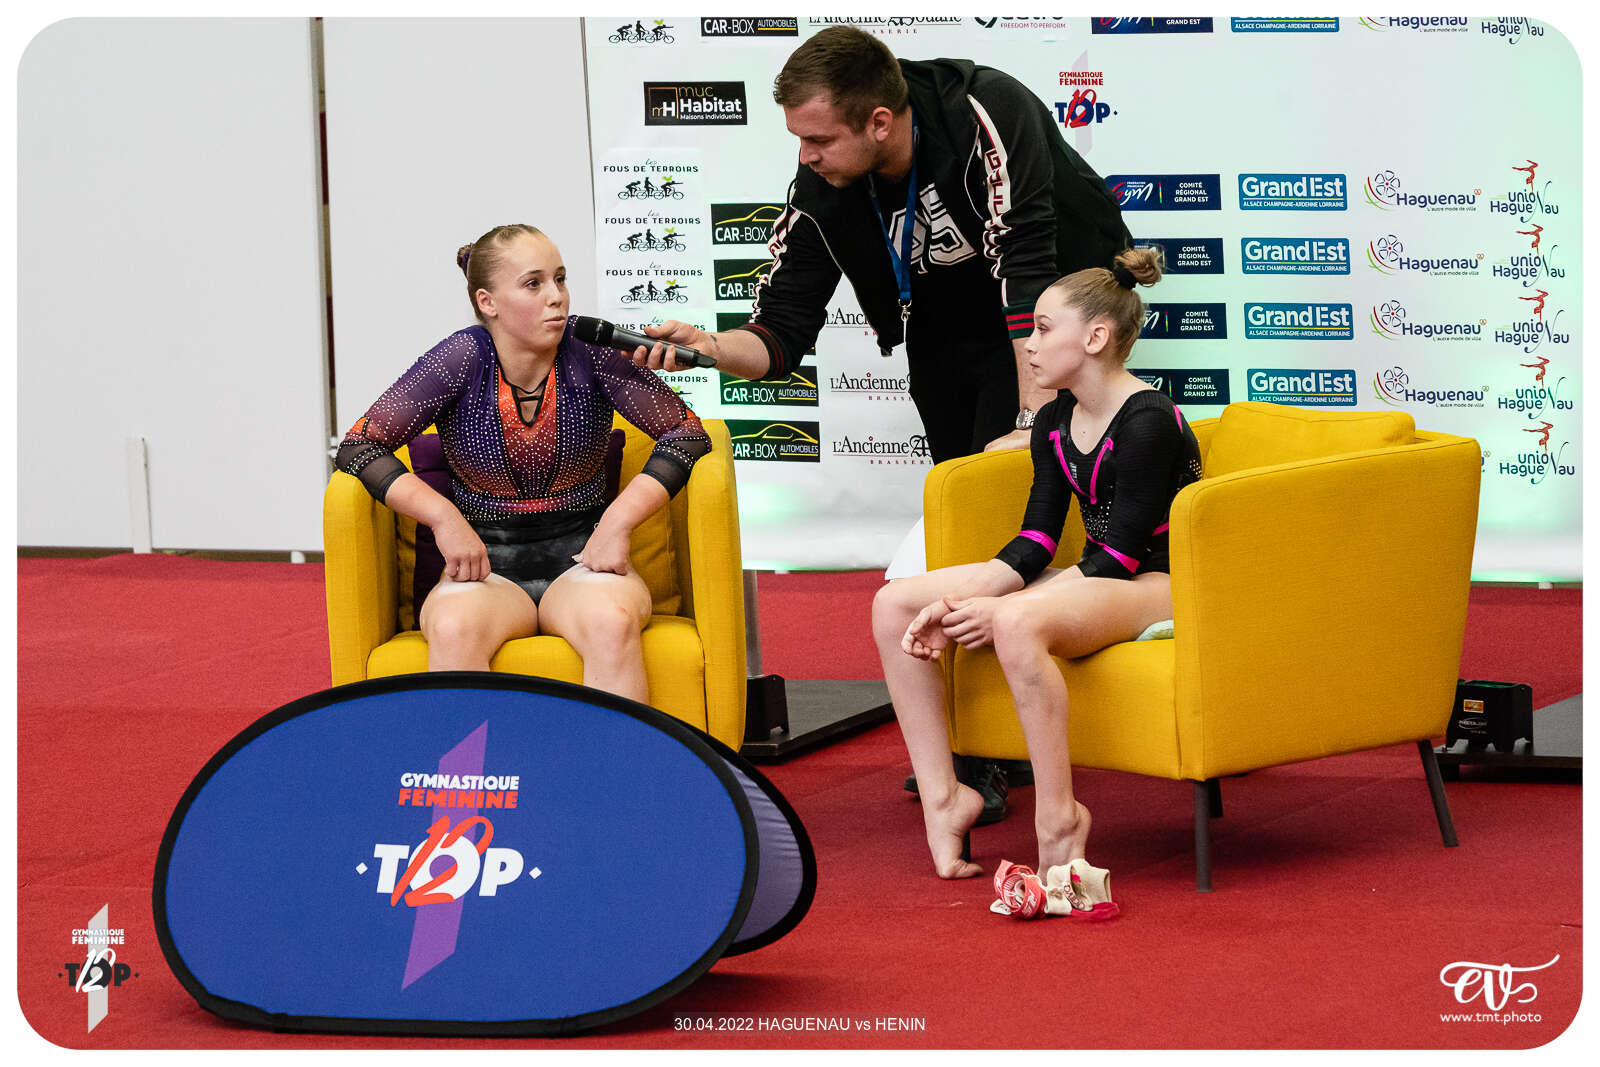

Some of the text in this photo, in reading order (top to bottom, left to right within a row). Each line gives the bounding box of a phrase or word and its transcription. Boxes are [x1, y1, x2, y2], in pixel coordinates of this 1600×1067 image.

[704, 19, 796, 34] CAR-BOX AUTOMOBILES
[1389, 17, 1468, 29] Haguenau
[679, 86, 713, 97] muc
[680, 97, 742, 112] Habitat
[1397, 193, 1476, 208] Haguenau
[715, 227, 767, 241] CAR-BOX
[1399, 258, 1479, 272] Haguenau
[718, 283, 760, 297] CAR-B
[1402, 323, 1481, 338] Haguenau
[830, 372, 906, 390] L'Ancienne
[723, 388, 817, 402] CAR-BOX AUTOMOBILES
[1405, 389, 1484, 404] Haguenau
[780, 445, 818, 453] AUTOMOBILES
[832, 436, 909, 454] L'Ancienne
[400, 773, 520, 790] GYMNASTIQUE
[398, 786, 518, 808] FÉMININE
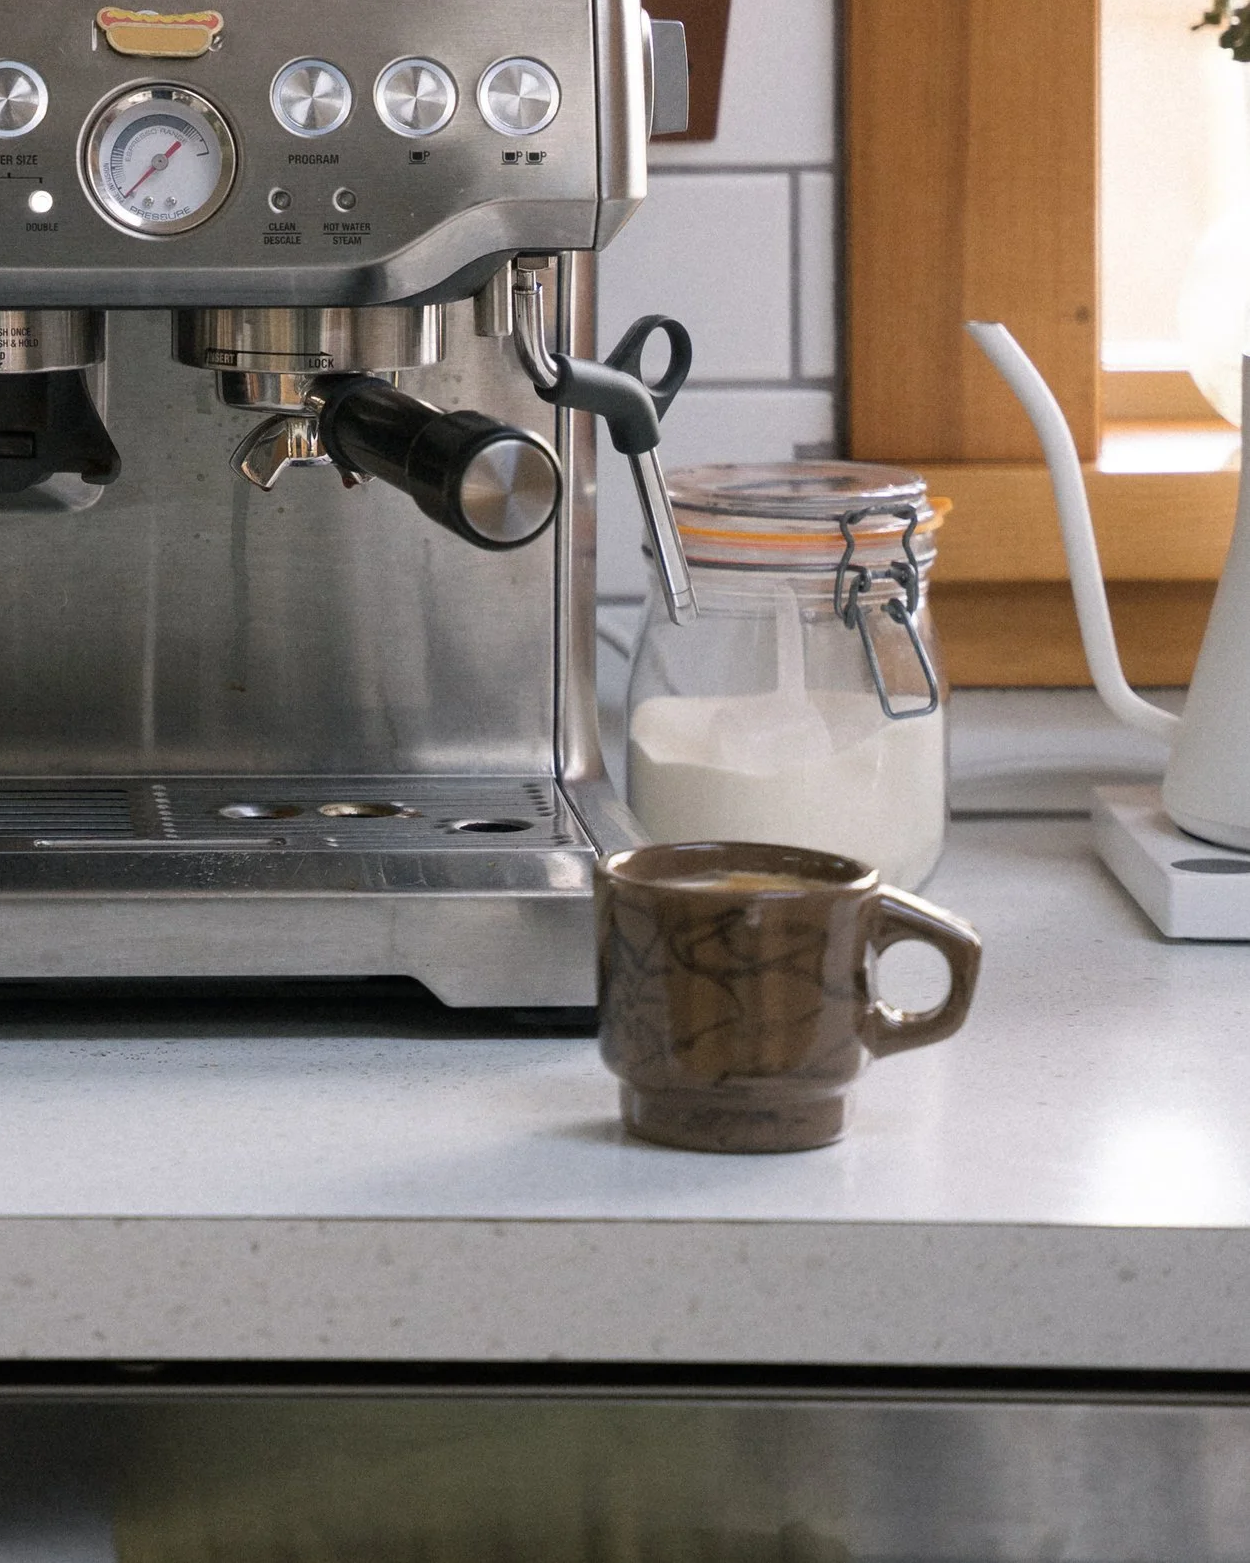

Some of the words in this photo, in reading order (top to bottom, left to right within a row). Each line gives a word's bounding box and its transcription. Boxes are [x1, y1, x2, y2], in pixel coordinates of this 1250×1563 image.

[16, 154, 38, 166] SIZE
[288, 154, 339, 165] PROGRAM
[130, 205, 191, 221] PRESSURE
[26, 223, 59, 232] DOUBLE
[268, 222, 296, 232] CLEAN
[323, 222, 340, 232] HOT
[342, 222, 371, 232] WATER
[264, 236, 301, 245] DESCALE
[332, 236, 362, 245] STEAM
[10, 327, 31, 337] ONCE
[10, 339, 17, 348] &
[18, 339, 39, 348] HOLD
[309, 358, 335, 369] LOCK

◆ Your assignment:
Without including any pictures, copy every line above exactly.

◆ Solution for this exercise:
Some of the text in this photo, in reading order (top to bottom, left to right within a row). Each line gives the bounding box of a phrase or word and its transcription. Boxes are [x1, y1, x2, y2], in pixel coordinates of this 1600×1067 image.

[704, 19, 796, 34] CAR-BOX AUTOMOBILES
[1389, 17, 1468, 29] Haguenau
[679, 86, 713, 97] muc
[680, 97, 742, 112] Habitat
[1397, 193, 1476, 208] Haguenau
[715, 227, 767, 241] CAR-BOX
[1399, 258, 1479, 272] Haguenau
[718, 283, 760, 297] CAR-B
[1402, 323, 1481, 338] Haguenau
[830, 372, 906, 390] L'Ancienne
[723, 388, 817, 402] CAR-BOX AUTOMOBILES
[1405, 389, 1484, 404] Haguenau
[780, 445, 818, 453] AUTOMOBILES
[832, 436, 909, 454] L'Ancienne
[400, 773, 520, 790] GYMNASTIQUE
[398, 786, 518, 808] FÉMININE

Some of the words in this photo, in reading order (top to bottom, left to right within a row). Each line gives a word's bounding box and its transcription. Boxes are [x1, y1, x2, y2], in pixel coordinates of this 1250×1563 image.

[16, 154, 38, 166] SIZE
[288, 154, 339, 165] PROGRAM
[130, 205, 191, 221] PRESSURE
[26, 223, 59, 232] DOUBLE
[268, 222, 296, 232] CLEAN
[323, 222, 340, 232] HOT
[342, 222, 371, 232] WATER
[264, 236, 301, 245] DESCALE
[332, 236, 362, 245] STEAM
[10, 327, 31, 337] ONCE
[10, 339, 17, 348] &
[18, 339, 39, 348] HOLD
[309, 358, 335, 369] LOCK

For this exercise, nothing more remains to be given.